Shaping a Healthier Future‘s predictions were spectacularly inaccurate, forecasting a huge reduction in A&E attendances across NW London of 64,175 over 5 years. In reality A&E attendances and hospital admissions soared, particularly after the closures of Hammersmith and Central Middlesex A&Es. It led to well publicised delays in ambulance arrival and transfer times, A&E waits and planned and unplanned treatment delays. The rising need for acute care nationally has led the Royal College of Medicine to call for 5,000 more acute beds across England.

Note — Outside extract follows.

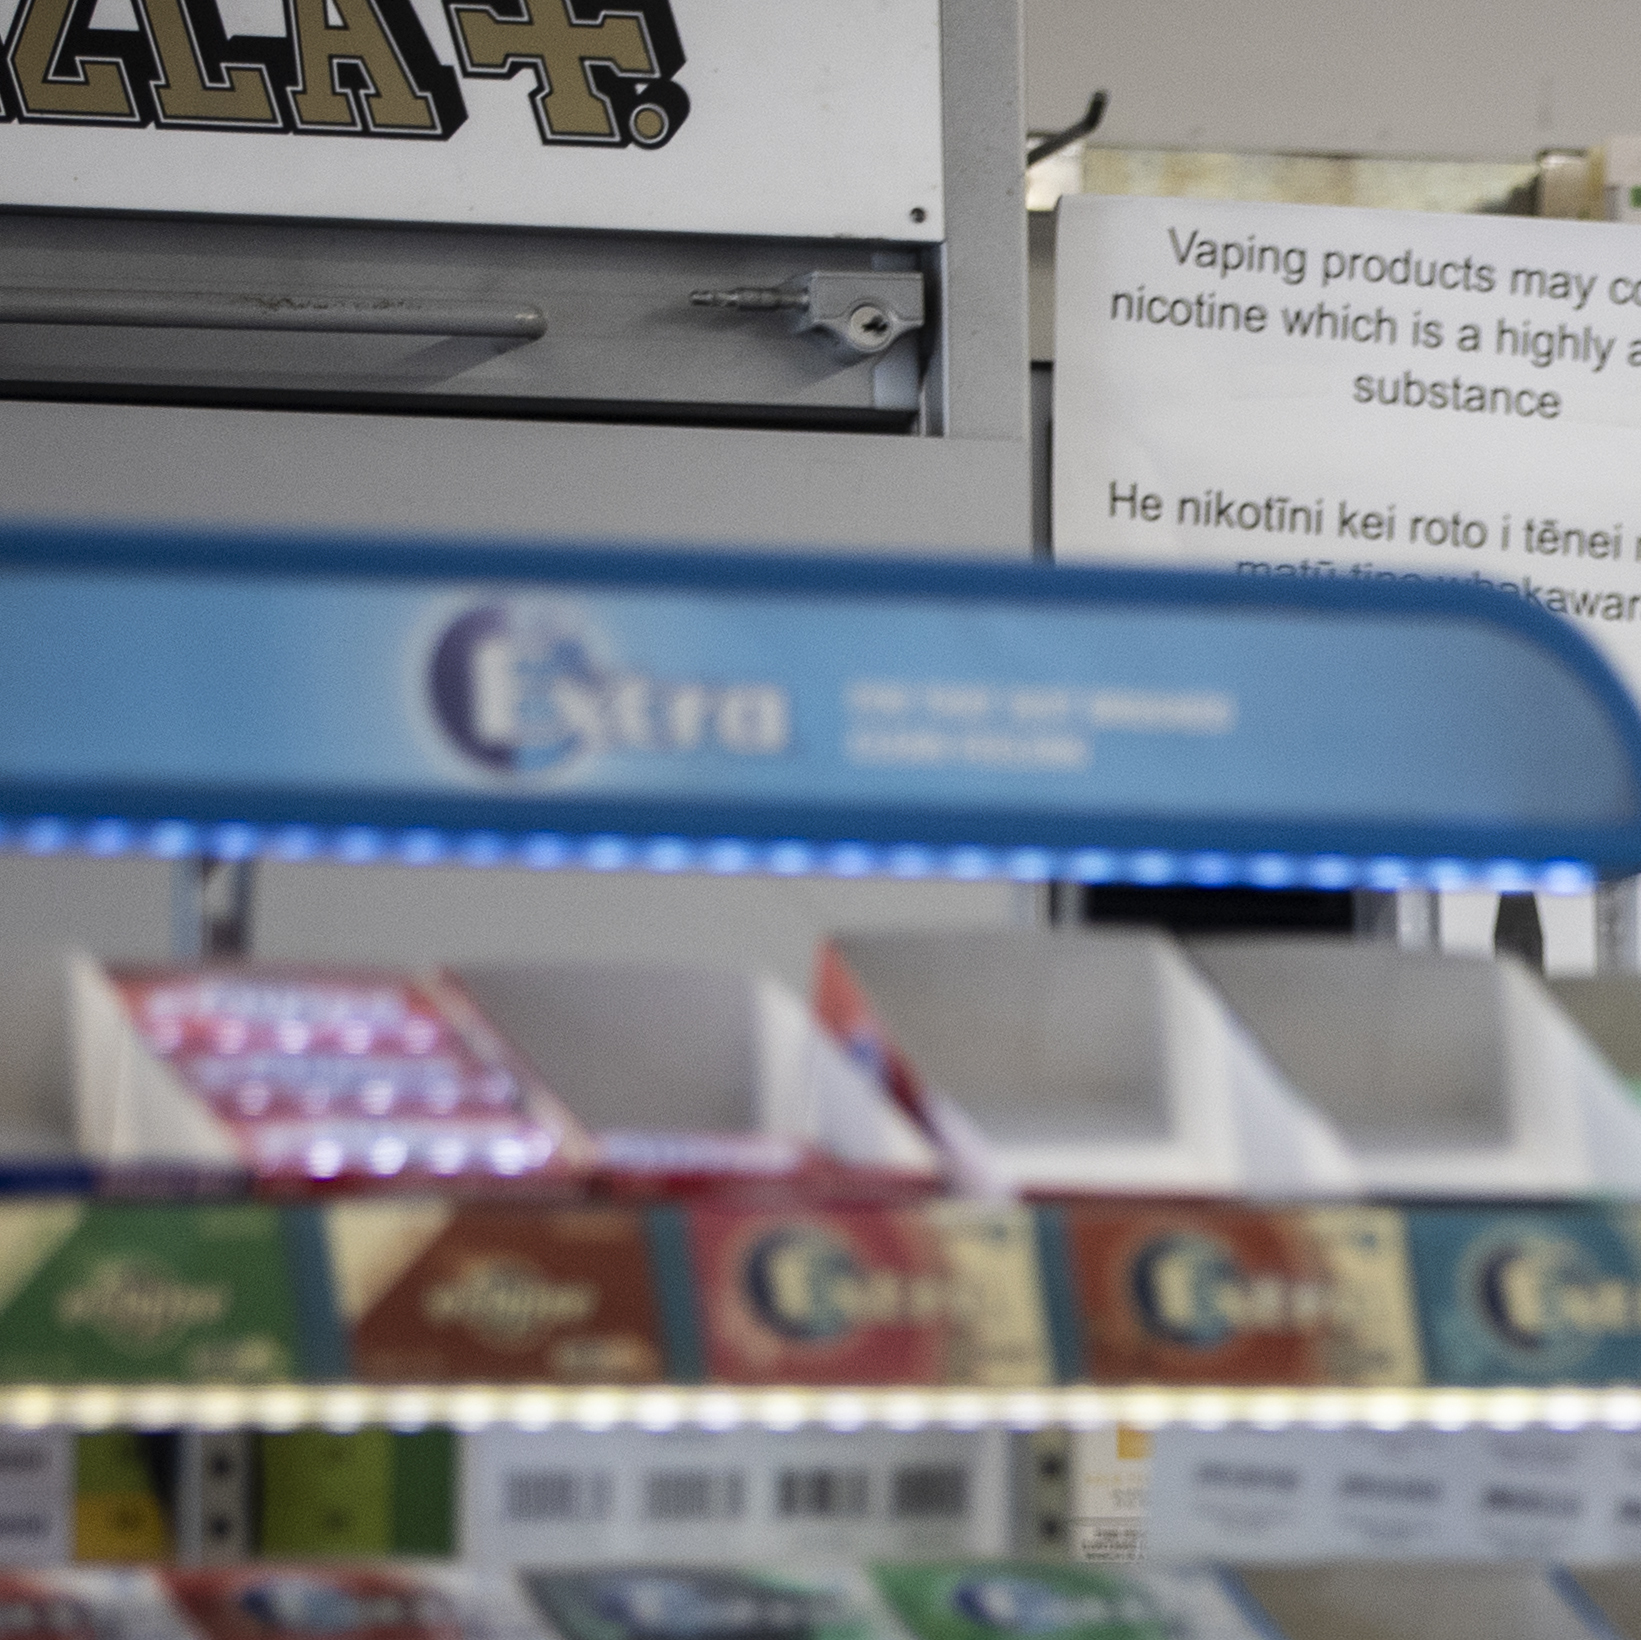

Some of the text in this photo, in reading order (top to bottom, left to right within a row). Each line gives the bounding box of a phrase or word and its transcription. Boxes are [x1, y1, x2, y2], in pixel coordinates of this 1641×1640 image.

Locally the surge in demand created a ripple effect throughout NW London. In the Observer in 2018 senior anaesthetist Dr Johansson described Imperial’s hospitals:
“We have seen a 40% increase in Blue Calls – the most seriously unwell, ambulance-delivered cases……. Patients on the routine operating lists…. on the day they have their operation cancelled……. The conditions in A&E were just awful. There were patients everywhere. Patients on trolleys in corridors. ….. The whole system was absolutely paralysed. It wasn’t lack of staff in the emergency department that was the problem: our Trust has been very good at providing adequate staffing. It’s the bed blockade: we cannot get our patients to where we need them to be – on the wards – because of the lack of beds…… there is a real problem getting our critically ill patients into ITU because we are unable to get the patients who are already in there out on to the wards. Lately, we were getting to the stage where we couldn’t actually do emergency operations because we had too many patients waiting for intensive care beds.”
The government’s U turn on the closures is belatedly acknowledging what has been obvious to senior clinicians and hospital managers for some years, who have repeatedly stated in minuted board meetings that closures would be unsafe in the foreseeable future as NW London couldn’t cope without the acute capacity in Charing Cross Hospital.
Reversing the closure decision makes our NHS safer for Chiswick residents. Of course our health services must change to meet future challenges. Hopefully the process this time will include genuine consultation with local people. There may well be proportionately more community care and further specialisation and centralisation, based on clinical evidence and long term adequate resourcing. If this leads to better clinical outcomes necessitating fewer hospital beds that would be welcomed by most people. What’s unacceptable is a rushed series of hospital closures primarily on financial grounds with little evidence that community alternatives were viable and plenty that closures would trigger an acute care crisis. Avoiding that scenario is good news – though it’s scandalous that policy makers who signed off this plan, wasting many millions on spin doctors and private management consultants have not even apologised.
Anne Drinkell is Chair of the Save Our Hospitals campaign
Photograph above: Anne Drinkell, Chair of Save Our Hospitals, with Sir Richard Sykes, Chairman of the Royal Institution and Imperial College Healthcare
Photographs below: Support from a Pearly Queen, Anne (far right) handing in a petition with fellow campaigners, and the audience at one of the campaign’s rallies.